**Required action:**
Quote each line exactly, from the line that contains "Some of the words" down to the last line of the listing, and no other lines.

**The data:**
* * * *
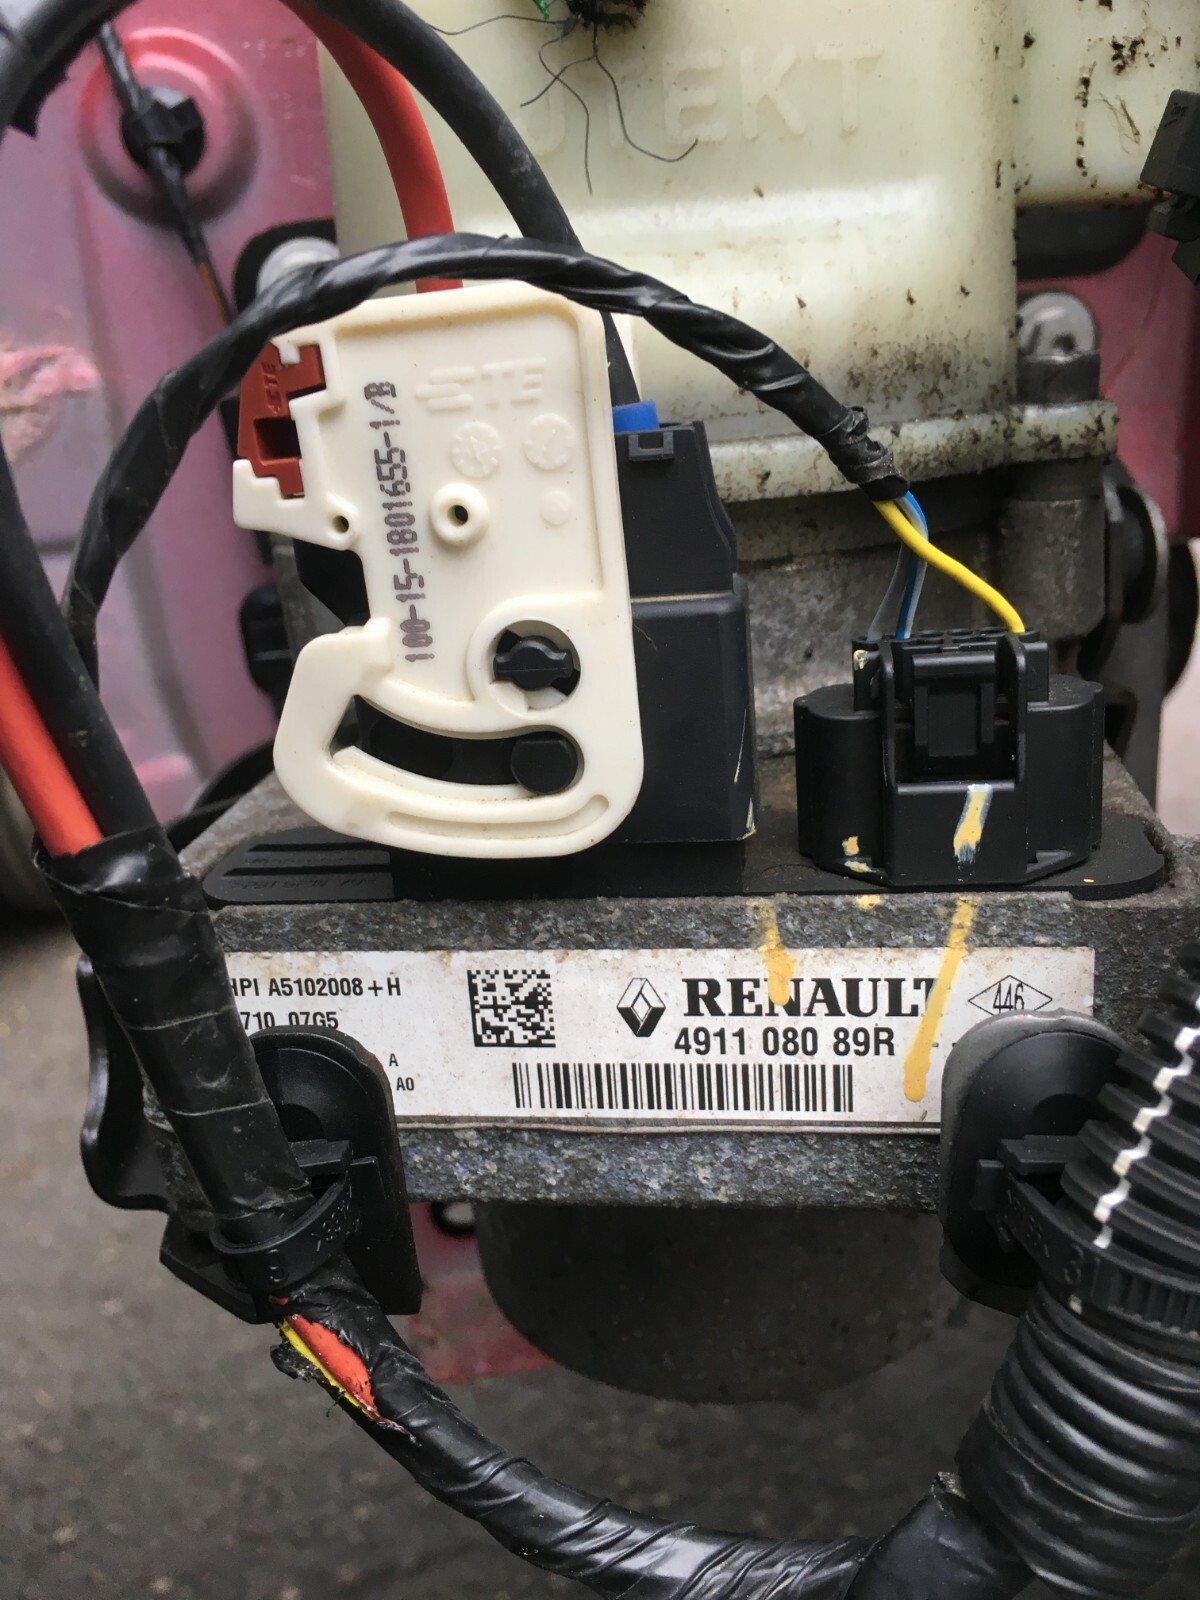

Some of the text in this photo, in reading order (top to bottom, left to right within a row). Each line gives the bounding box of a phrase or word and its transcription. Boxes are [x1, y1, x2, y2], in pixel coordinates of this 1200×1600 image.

[675, 1025, 896, 1057] 4911 080 89R
[389, 1053, 399, 1067] A
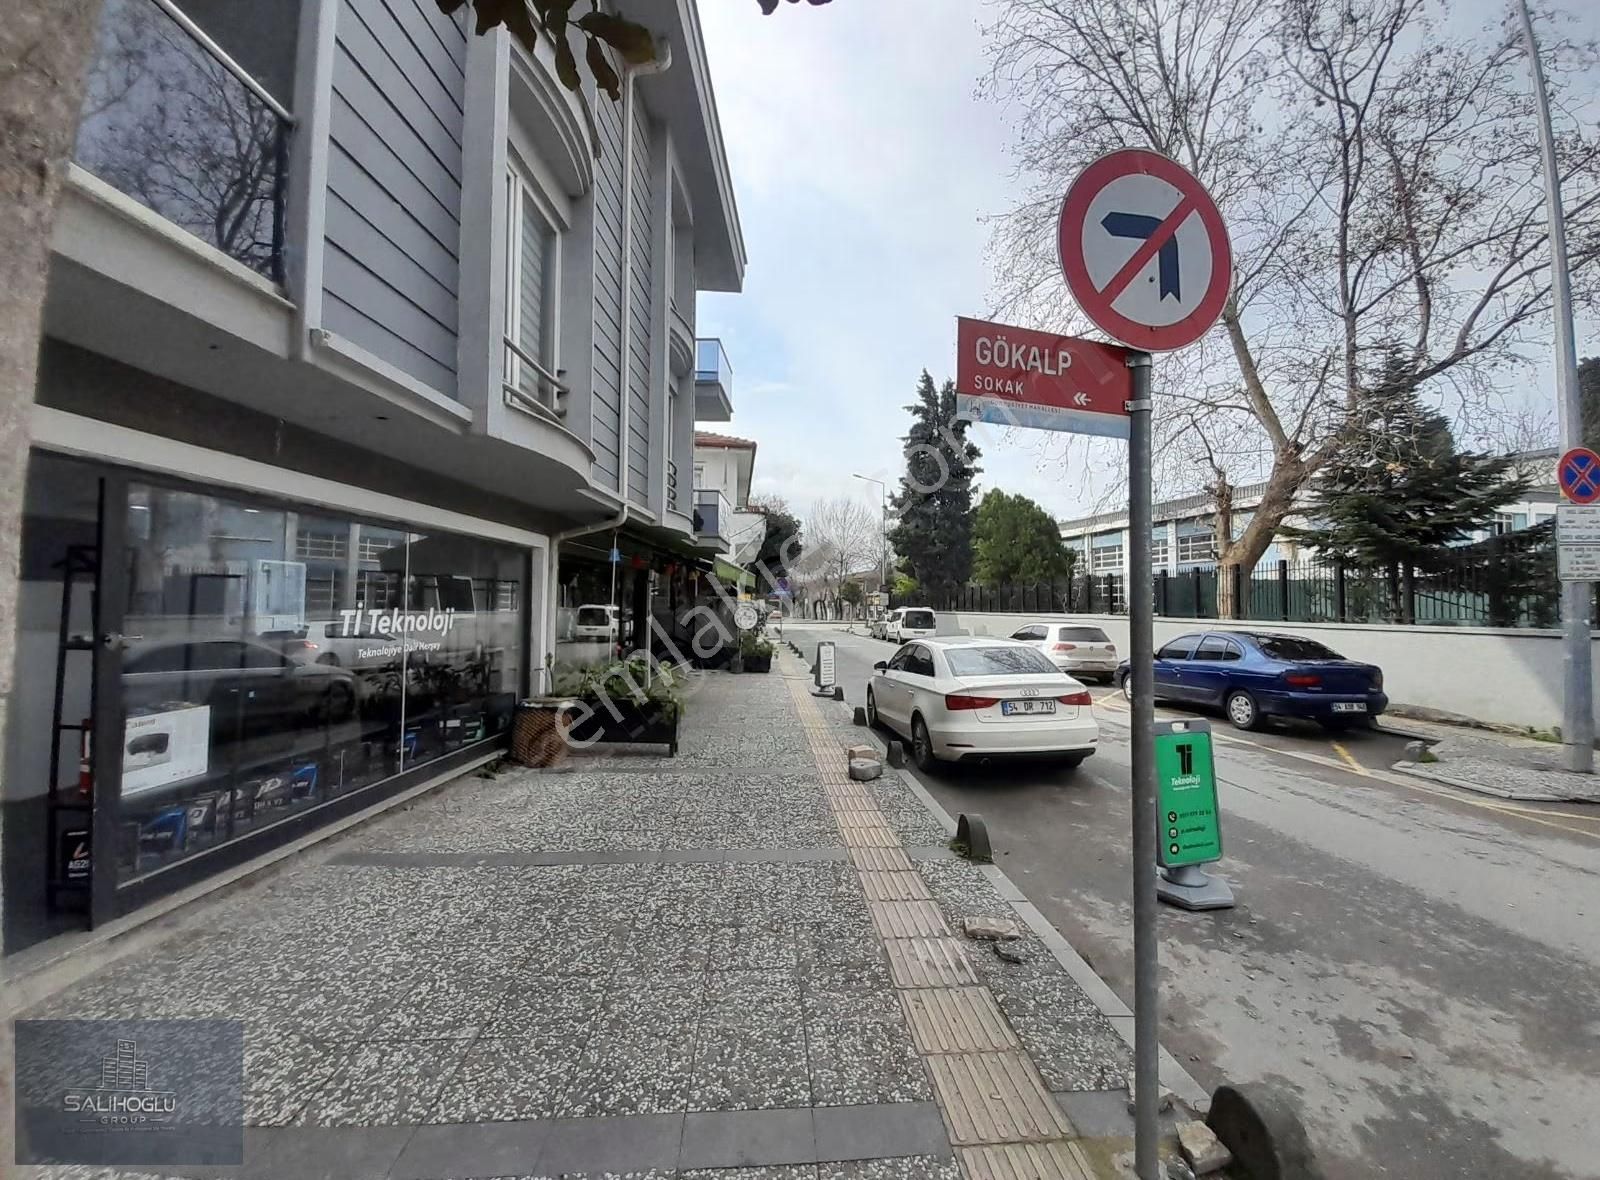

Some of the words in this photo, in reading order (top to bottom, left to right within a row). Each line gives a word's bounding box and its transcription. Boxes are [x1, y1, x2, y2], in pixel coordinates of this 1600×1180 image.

[975, 335, 1072, 376] GÖKALP
[974, 375, 1024, 395] SOKAK
[368, 607, 455, 637] Teknoloji
[1009, 702, 1018, 711] 54
[1040, 702, 1054, 710] 712
[1171, 775, 1201, 786] Teknoloji
* * * *
**Task solution:**
Some of the words in this photo, in reading order (top to bottom, left to right within a row). Each line gives a word's bounding box and its transcription. Boxes are [x1, y1, x2, y2], in pixel coordinates of this 1600×1180 image.

[975, 335, 1072, 376] GÖKALP
[974, 375, 1024, 395] SOKAK
[368, 607, 455, 637] Teknoloji
[1009, 702, 1018, 711] 54
[1040, 702, 1054, 710] 712
[1171, 775, 1201, 786] Teknoloji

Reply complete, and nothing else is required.